### What you need to do
Keep the images out and set the listing below down word for word.

### Records shown
-=-=-=-=-
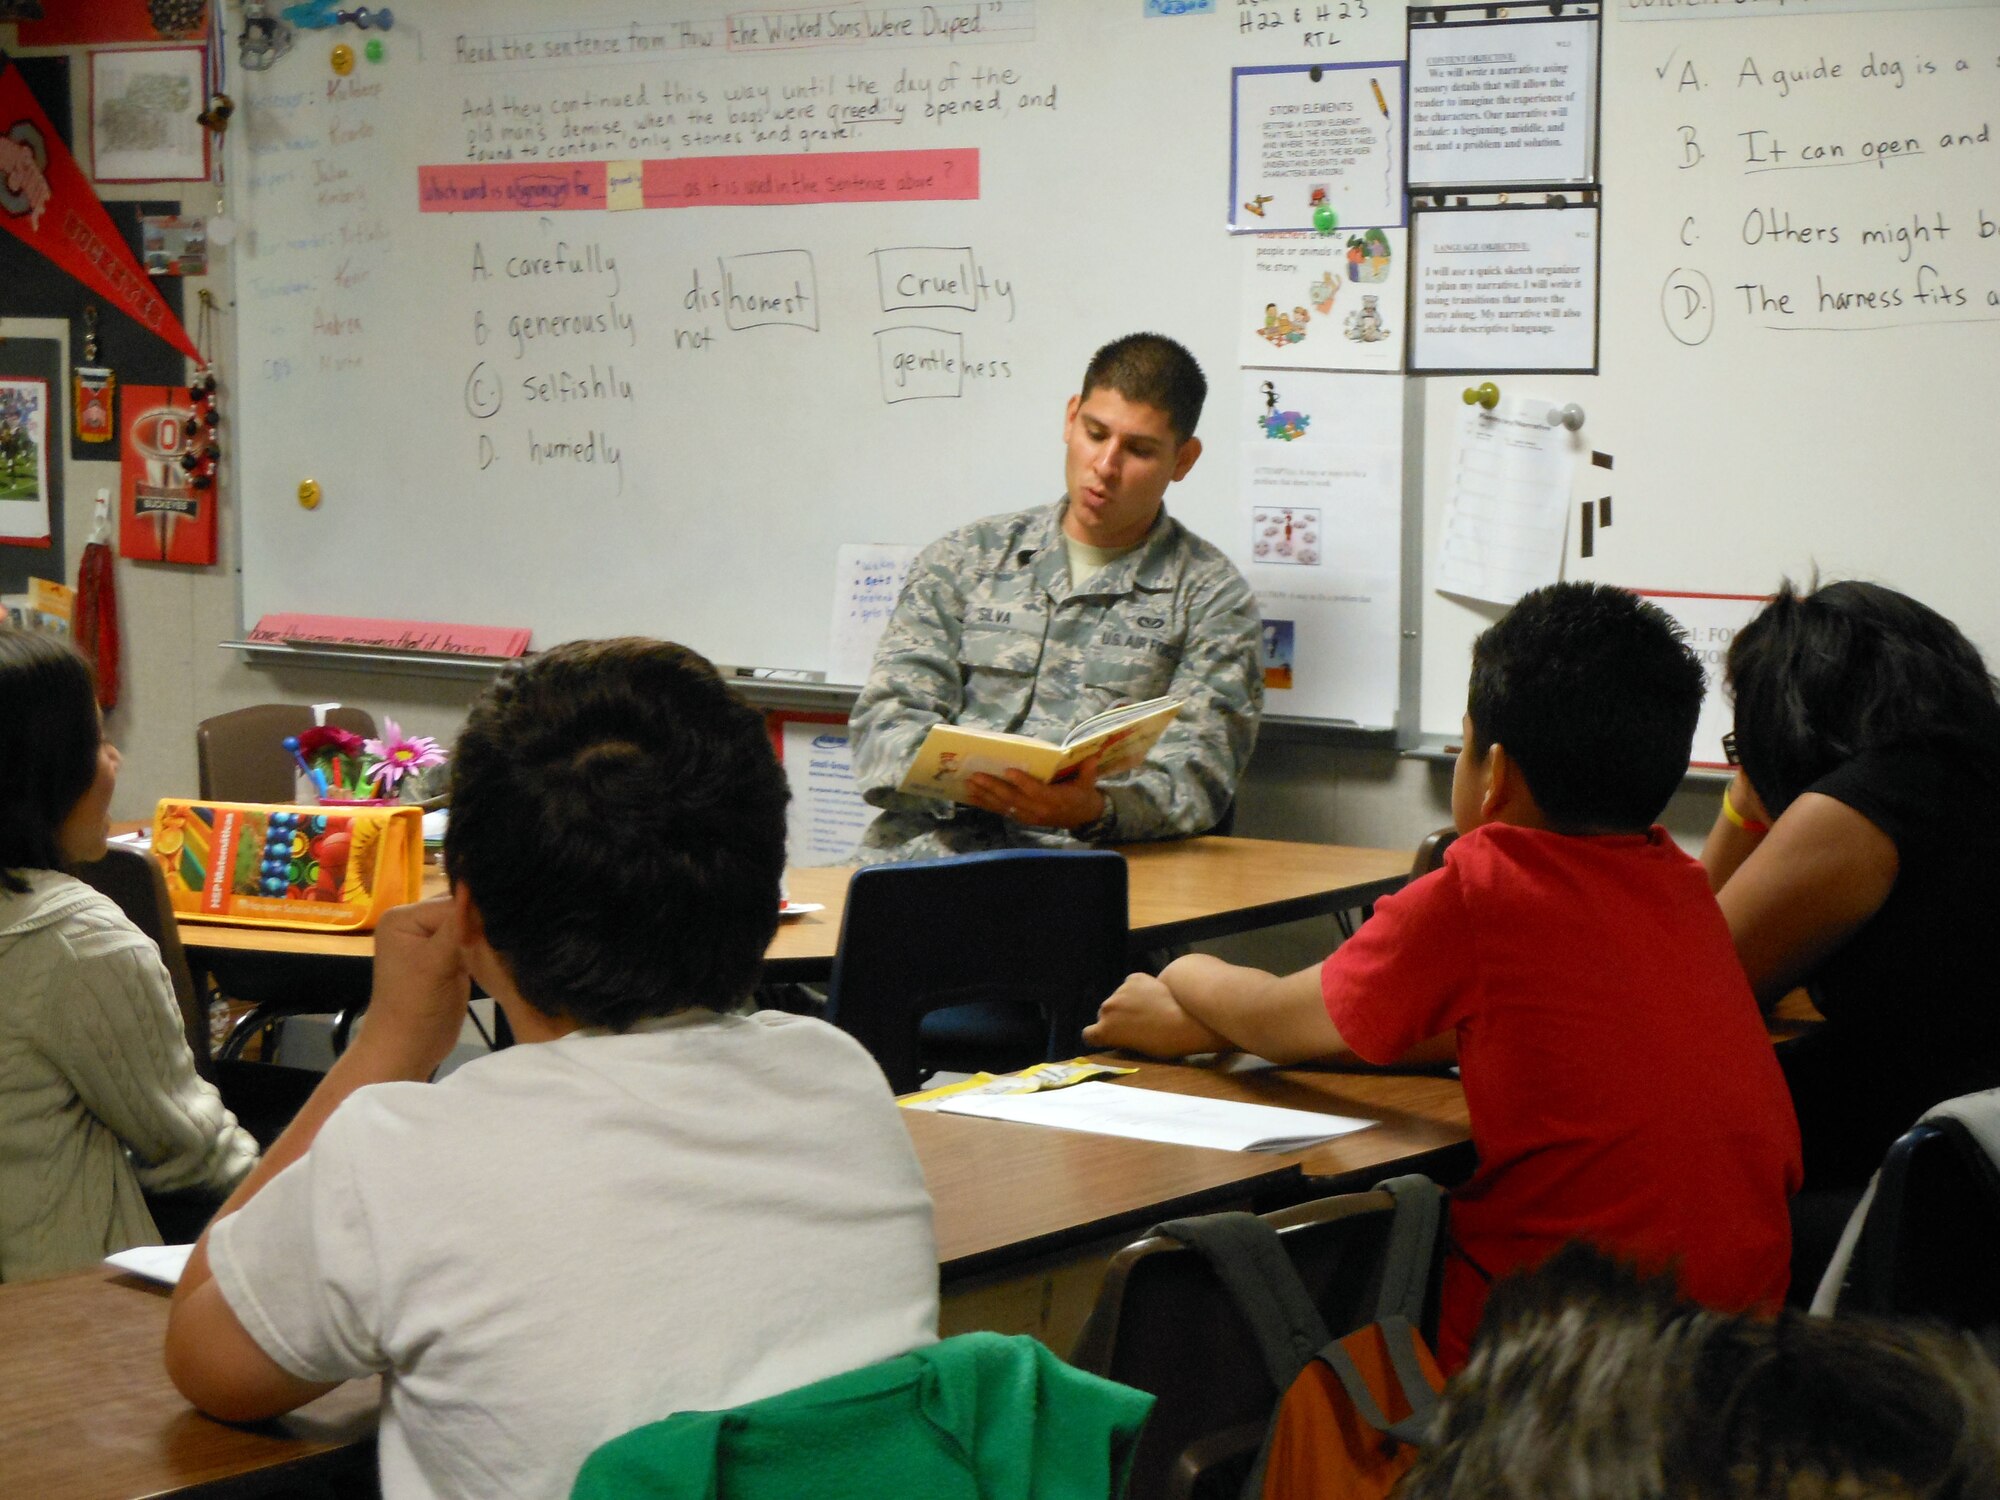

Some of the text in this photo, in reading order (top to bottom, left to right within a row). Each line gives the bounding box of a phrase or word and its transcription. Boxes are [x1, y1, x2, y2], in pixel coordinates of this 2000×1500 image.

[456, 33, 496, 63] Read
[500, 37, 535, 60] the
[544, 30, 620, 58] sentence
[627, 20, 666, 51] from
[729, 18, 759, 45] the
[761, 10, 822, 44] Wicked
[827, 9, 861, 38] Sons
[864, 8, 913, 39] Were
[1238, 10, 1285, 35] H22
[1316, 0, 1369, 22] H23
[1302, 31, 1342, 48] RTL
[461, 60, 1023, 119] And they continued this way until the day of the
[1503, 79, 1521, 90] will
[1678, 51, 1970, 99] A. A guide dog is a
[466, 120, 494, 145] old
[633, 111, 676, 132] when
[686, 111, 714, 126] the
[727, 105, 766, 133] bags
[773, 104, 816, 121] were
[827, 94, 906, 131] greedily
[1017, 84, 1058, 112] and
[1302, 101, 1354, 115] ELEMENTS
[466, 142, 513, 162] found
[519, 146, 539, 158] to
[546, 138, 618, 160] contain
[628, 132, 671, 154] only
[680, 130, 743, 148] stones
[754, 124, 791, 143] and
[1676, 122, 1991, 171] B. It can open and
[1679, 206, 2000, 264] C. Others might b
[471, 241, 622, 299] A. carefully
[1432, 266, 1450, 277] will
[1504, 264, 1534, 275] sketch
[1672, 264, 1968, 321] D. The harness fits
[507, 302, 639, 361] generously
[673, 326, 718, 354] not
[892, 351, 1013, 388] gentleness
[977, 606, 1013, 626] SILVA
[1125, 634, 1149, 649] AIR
-=-=-=-=-
### Response to this task
Some of the text in this photo, in reading order (top to bottom, left to right within a row). Each line gives the bounding box of a phrase or word and its transcription. Boxes are [x1, y1, x2, y2], in pixel coordinates of this 2000×1500 image.

[456, 33, 496, 63] Read
[500, 37, 535, 60] the
[544, 30, 620, 58] sentence
[627, 20, 666, 51] from
[729, 18, 759, 45] the
[761, 10, 822, 44] Wicked
[827, 9, 861, 38] Sons
[864, 8, 913, 39] Were
[1238, 10, 1285, 35] H22
[1316, 0, 1369, 22] H23
[1302, 31, 1342, 48] RTL
[461, 60, 1023, 119] And they continued this way until the day of the
[1503, 79, 1521, 90] will
[1678, 51, 1970, 99] A. A guide dog is a
[466, 120, 494, 145] old
[633, 111, 676, 132] when
[686, 111, 714, 126] the
[727, 105, 766, 133] bags
[773, 104, 816, 121] were
[827, 94, 906, 131] greedily
[1017, 84, 1058, 112] and
[1302, 101, 1354, 115] ELEMENTS
[466, 142, 513, 162] found
[519, 146, 539, 158] to
[546, 138, 618, 160] contain
[628, 132, 671, 154] only
[680, 130, 743, 148] stones
[754, 124, 791, 143] and
[1676, 122, 1991, 171] B. It can open and
[1679, 206, 2000, 264] C. Others might b
[471, 241, 622, 299] A. carefully
[1432, 266, 1450, 277] will
[1504, 264, 1534, 275] sketch
[1672, 264, 1968, 321] D. The harness fits
[507, 302, 639, 361] generously
[673, 326, 718, 354] not
[892, 351, 1013, 388] gentleness
[977, 606, 1013, 626] SILVA
[1125, 634, 1149, 649] AIR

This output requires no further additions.